Humans are both very like and very different from other species we find on Earth. At the sub-cellular and biochemical level, the similarities, the almost universality of the DNA code and its property of self-duplication and storage of genetic information is breathtaking. On the other hand, no other species has succeeded in the scope and breadth of it’s colonization of this planet. Much of the “success” in growing a population that now exceeds seven billion individuals can be attributed to our being a social species. Sociability and its evolutionary roots have been well studied. However there does seem to be something missing. The rapid runaway expansion of human culture and the extraordinary flowering of human art, which might be attributed in turn to the literal expansion of the human brain seem to require further explanation.
The human brain is a very power-hungry organ. This paper states an adult brain consumes 25% of resting metabolism, over double that of our primate cousins and vastly more than the 3 -5 % of non-primate mammals. The paper goes on to describe how the acceleration in brain size seems to occur with the emergence of Homo erectus starting around 1.6 million years ago. It suggests some causes such as climate change, changes in diet and foraging behaviour, increased cooperation as possible factors. But did Homo erectus really need to be so brainy?

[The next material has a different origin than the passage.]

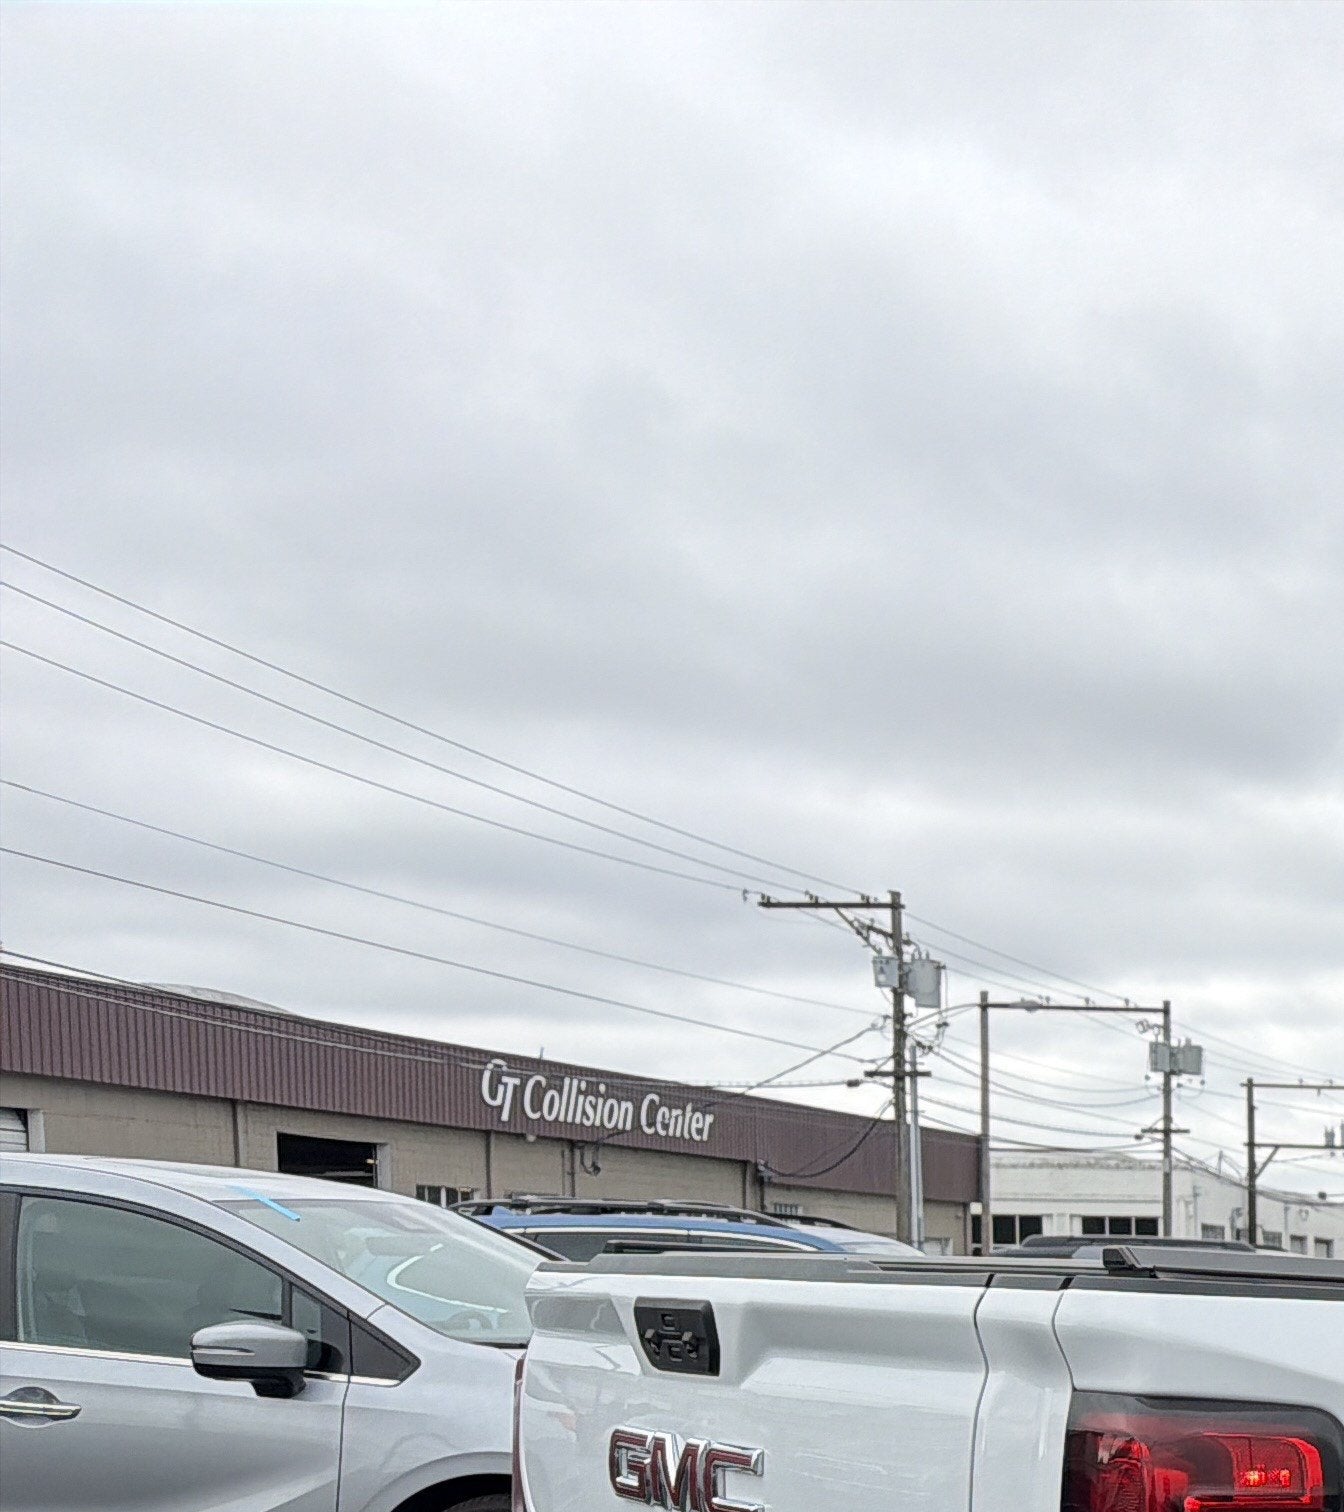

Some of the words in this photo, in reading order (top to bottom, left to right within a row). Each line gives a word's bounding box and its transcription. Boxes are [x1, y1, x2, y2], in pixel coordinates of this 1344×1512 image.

[481, 1058, 521, 1122] GT
[523, 1074, 635, 1132] Collision
[639, 1092, 715, 1143] Center

The antiquity of modern language and speech capacities, going back to at least the last common ancestor of Neandertals, Denisovans and modern humans some half a million years ago, raises new and interesting questions concerning the nature of the linguistic design space, the relationship between biological and cultural evolution, and the time frame for the emergence of modern human traits, and language in particular.
The paper does not seem to consider why brain size increase, a prerequisite for the much later flowering of human art and culture and the other evolutionary attributes (the changes to the hyoid bone for example) seem to occur so rapidly and so long before the dawn of human civilization which we might put at around 10,000 or so years ago.

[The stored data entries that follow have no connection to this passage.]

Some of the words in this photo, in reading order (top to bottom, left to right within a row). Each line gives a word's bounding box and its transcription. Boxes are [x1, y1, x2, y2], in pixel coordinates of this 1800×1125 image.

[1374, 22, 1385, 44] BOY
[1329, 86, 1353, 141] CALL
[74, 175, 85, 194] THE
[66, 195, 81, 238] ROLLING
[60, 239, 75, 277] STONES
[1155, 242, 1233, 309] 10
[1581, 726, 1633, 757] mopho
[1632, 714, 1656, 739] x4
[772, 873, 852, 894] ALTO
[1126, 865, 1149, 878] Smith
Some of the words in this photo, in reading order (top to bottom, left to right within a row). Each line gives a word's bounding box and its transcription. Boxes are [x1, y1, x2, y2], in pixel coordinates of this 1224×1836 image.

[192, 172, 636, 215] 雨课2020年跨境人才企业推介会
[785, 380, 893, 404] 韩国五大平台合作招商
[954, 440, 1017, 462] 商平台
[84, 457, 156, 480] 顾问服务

Step forward, Geoffrey Miller, psychologist and author of a book published in 2000, The Mating Mind: How Sexual choice Shaped the Evolution of Human Nature (There’s a detailed précis of the book here.) Miller’s hypothesis, that human braininess evolution was driven at least in part by sexual selection, if true, explains both rapid increase in brain size and the early development of language.
He points out one difficulty in his hypothesis; that of a lack of pronounced sexual dimorphism in humans which would be expected if just women (or just men?) were doing the choosing. He then proposes
…the idea of sexual ornaments as costly, reliable indicators of fitness, and argues that our most distinctive mental traits evolved through mutual mate choice as fitness-indicators.
[I’m quoting Miller from his précis linked above]
In the last four chapters of his book, Miller suggests the following uniquely human mental traits that appear to have evolved under mate choice: art, morality, language, and creativity.
For art, Miller suggests the sexual element could be artistic and artisanal skill as a fitness indicator saying (in his précis):
This beauty-as-virtuosity theory also helps make sense of the hand axe, which can be viewed as a sexually-selected feature of hominid extended phenotypes for over 1.5 million years.
Morality, according to Miller is hard to explain in evolutionary terms. In chapter 9, ‘Virtues of Good Breeding’ he sets out the difficulty:
Psychologists sometimes fail to understand how circular it is to ‘explain’ moral behavior in terms of moral preferences. Of course, one can always say that we are kind because we choose to be kind, or it feels good to be kind, or we have brain circuits that reward us with endorphins when we are kind. Such responses beg the question of why those moral preferences, moral emotions, and moral brain circuits evolved to be standard parts of human nature.
He goes on to reject reciprocal altruism as sufficient to explain the roots of morality. He mentions a study on Arabian Babblers that behave apparently altruistically, but closer observation shows that what is happening is fitness displays driven by sexual selection. There’s lots more in the chapter that is persuasive polemic, building on the idea that human altruism has an evolutionary origin in fitness displays. He even manages to suggest giving to charity is rooted in this behavior.
It’s in chapter 10 that language becomes woven into Miller’s argument. The title ‘Cyrano and Scheherazade’ sets the tone. Miller should be pleased to see the paper News linked to. When he wrote his book, whether Neandertal’s spoke a language was still speculation. Miller again argues for sexual selection with language skills, singing, poetry and declamation as weapons to be deployed in courtship and seduction. Near the end of the chapter he asserts:
Language evolved as much to display our fitness as communicate useful information. To many language researchers and philosophers, this is a scandalous idea. They regard altruistic communication as the norm, from which our self-serving fantasies might sometimes deviate. But to biologists, fitness advertisement is the norm, and language is an exceptional form of it.
I hope some have been interested enough to get this far and I look forward to any comments.